Type: Piloted Spaceship
Families:
Ranks:
Sponsor: Russian Space Agency

Source: NASA
Launch: 12 October 2008 at 7h01 UTC, from Baykonur Cosmodrome's LC-1, by a Soyuz-FG
Orbit: Initial: 200.7 km x 259.89 km x 51.65°  z 88.81 min
At docking: 351.2 km x 368.4 km x  51.65°  91.5 min
Landing: 8 April 2009 àt 7h16 UTC at 151 km northeast of Dzezhkazgan.

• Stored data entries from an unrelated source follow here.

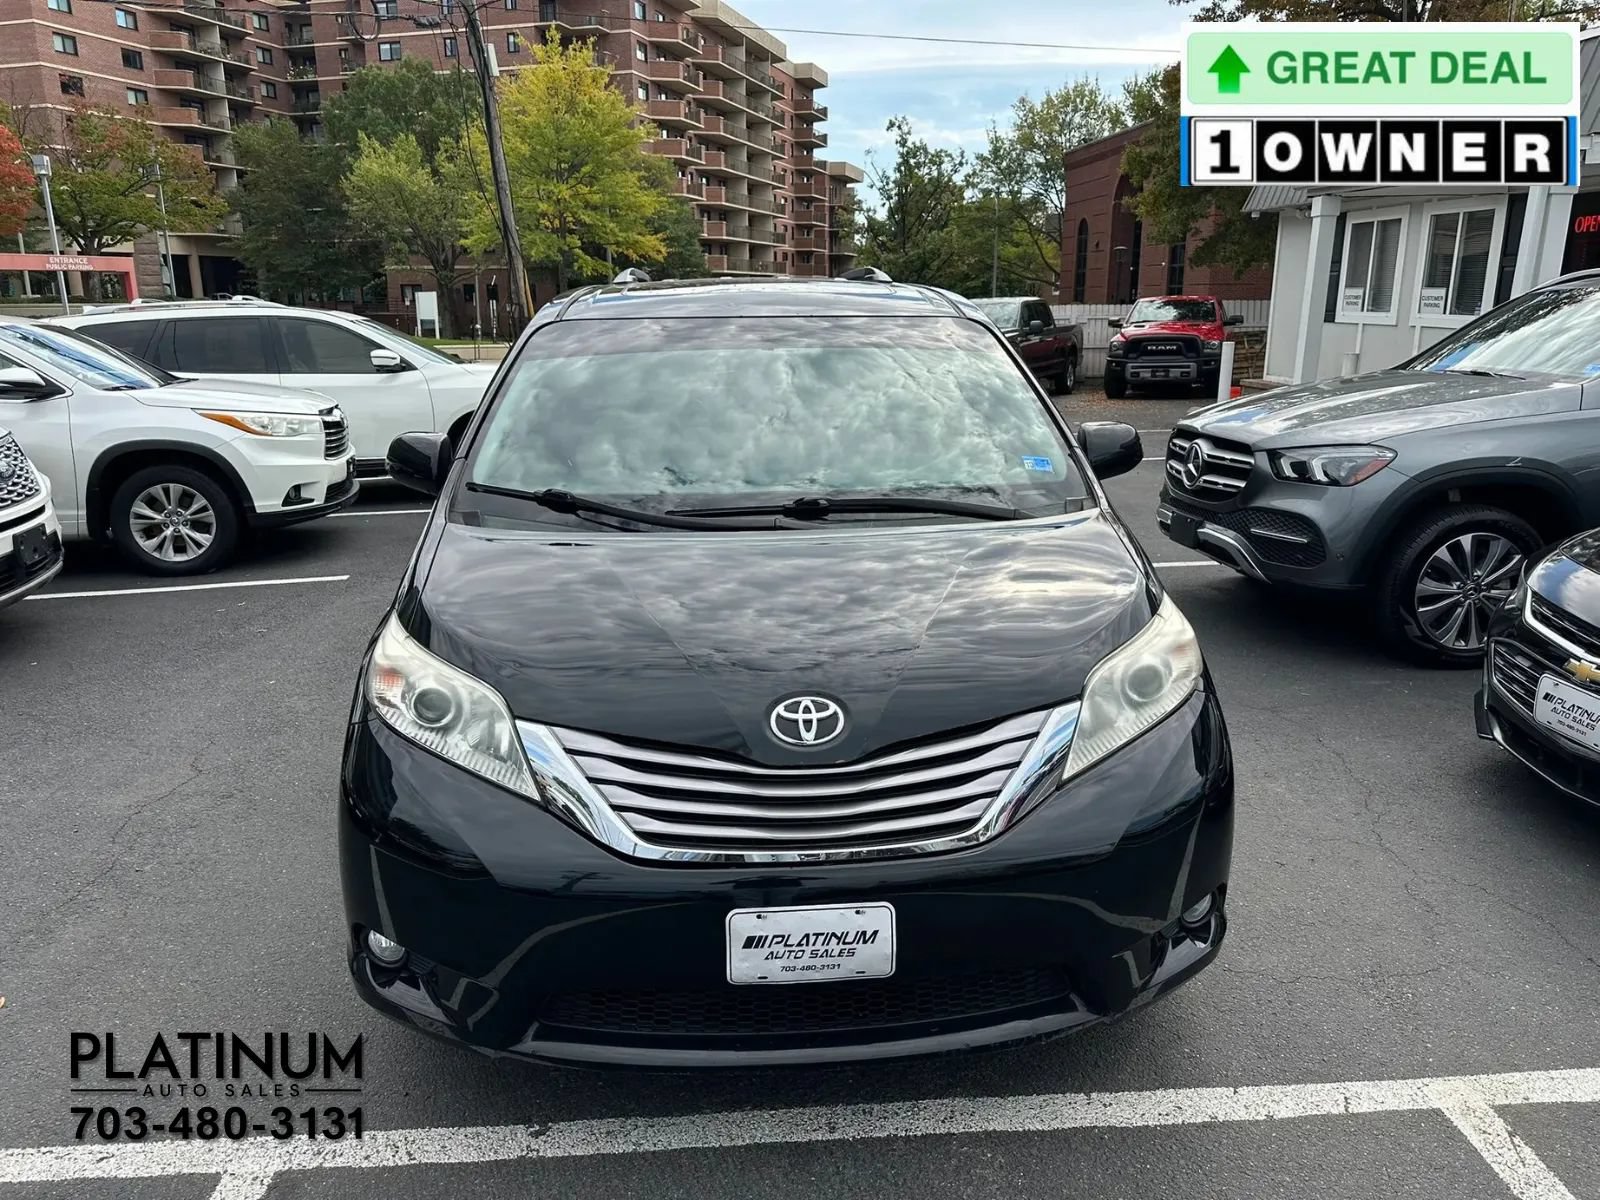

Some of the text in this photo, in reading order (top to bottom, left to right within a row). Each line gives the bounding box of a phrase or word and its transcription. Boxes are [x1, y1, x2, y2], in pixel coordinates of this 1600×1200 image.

[49, 256, 88, 265] ENTRANCE
[1550, 706, 1596, 731] AUTO SALES
[767, 929, 880, 948] PLATINUM
[764, 947, 857, 960] AUTO SALES
[780, 963, 841, 972] 703-480-3131

Mission: Soyuz TMA-13 is a piloted transport ship that delivered to the International Space Station the Expedition 18 crew (ISS-18) of Commander Michael Fincke and Flight Engineer Yury Lonchakov, as well as the space flight participant Richard Garriotte under the program of the Visiting Mission 15.  Fincke is the first American to launch twice on a Soyuz.. The six-month Expedition 18 mission's main focus will be preparing the station to house six crew members on long-duration missions. Garriott is the son of former astronaut Owen Garriott. He and Expedition 17 Commander Sergey Volkov are the first children of previous space fliers to greet each other in orbit, since Volkov is the son of veteran cosmonaut Alexander Volkov. After two days of free flight, Soyuz TMA-13 docked in automatic mode with ISS on 14 October at 8h26 UTC.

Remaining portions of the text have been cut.